Sure, being able to run the Real McCoy Microsoft Office instead of Google Docs is fabulous, but not being able to save to your office shared folder and remoting to your computer or whatever it is you do with your VPN access, well that’s pretty weak, you’ve got to admit.
My only explanation is that just like depriving users of joining Windows domains, depriving them of a VPN client draws a deeper line between this and the Pro version and maybe nudge the power enterprise users over to that device. If that’s true, my mind’s blown that Microsoft would shoot themselves in the foot at any opportunity to climb in this tablet debut. They just don’t strike me as being in any position to do that, to swing around leverage between two products they don’t want to flop.
Isn’t the goal here to finally after all these failed attempts gain some traction in the mobile markets? Can any of you offer a better explanation? Perhaps I didn’t google hard enough? Is there any reason David K shouldn’t be able to fire up his VPN with this device?
Give David K his damn VPN client, Microsoft, don’t make him return it to get the Pro. And throw in some RDP too, I bet he likes that with his fruity tiles.
Doug Simmons
Granted Cisco has not yet released an app the Surface RT absolutely has VPN built in. Might want to do some research before reporting incorrect information
Oh and they have the best RDP I have ever used built in also.
A lot of good that RDP will do anyone that works in a domain environment….
Yes it works nicely in a domain environment. Good point
Flag for deletion, due to incompetent journalism.
doug
please stay off of Surface RT or anything of Microsoft for that matter, please. If you want to make fun out of Microsoft, please please do some research first. Otherwise you just would look like st****. http://blogs.technet.com/b/uspartner_ts2team/archive/2012/10/31/windows-rt-using-the-new-and-best-remote-desktop-app.aspx
I’ve set up a VPN connection but have yet to make a successful connection…
I was a little upset about this too until I found out we have an RDC gateway in place at work. I downloaded Microsoft’s Remote Desktop app from the store, plugged in the gateway address and have been connecting to everything!
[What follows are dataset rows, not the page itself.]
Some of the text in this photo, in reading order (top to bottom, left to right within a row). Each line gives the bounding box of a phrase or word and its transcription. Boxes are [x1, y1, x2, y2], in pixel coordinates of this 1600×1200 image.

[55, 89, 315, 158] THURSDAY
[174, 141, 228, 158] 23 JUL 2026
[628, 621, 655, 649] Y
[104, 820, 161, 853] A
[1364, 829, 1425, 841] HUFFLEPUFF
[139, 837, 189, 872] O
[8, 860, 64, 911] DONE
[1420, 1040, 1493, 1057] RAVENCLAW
I’m not sure what VPN you’re using (Cisco, Juniper, AT&T), but maybe you can get your IT guys to configure it so it’ll work with the built-in client until your provider makes one available.
Doug is absolutely correct. While there is rudimentary support for VPN built into Windows RT, the built in capabilities miss the boat for a large swath of customers. I use a mainstream VPN system and WinRT is as useful as a paperweight with it. On top of that, VPN vendors are saying MS is denying them access to APIs necessary to write their own clients. Microsoft needs to get back to their roots, embrace their third party software developers, and partner with them to make WinRT work with third party VPN software. Until that happens, WinRT Android and iOS will have a leg up on Microsoft.
Moron. VPN is built in. Don’t quit your day job, and if this is your day job, get a new one.
As many others have said. The Surface RT does have VPN. It is built in and just about the same VPN client that every other Windows versions has.
VPN Types available on the Surface RT: PPTP, L2TP/IPsec, SSTP, IKEv2
Authentication available on the Surface RT: EAP-AKA, EAP-SIM, EAP-TTLS, PEAP, MSCHAPv2, CHAP, PAP, and even Smart Card
I hope this can clarify some of the misdirected information in this post and comments.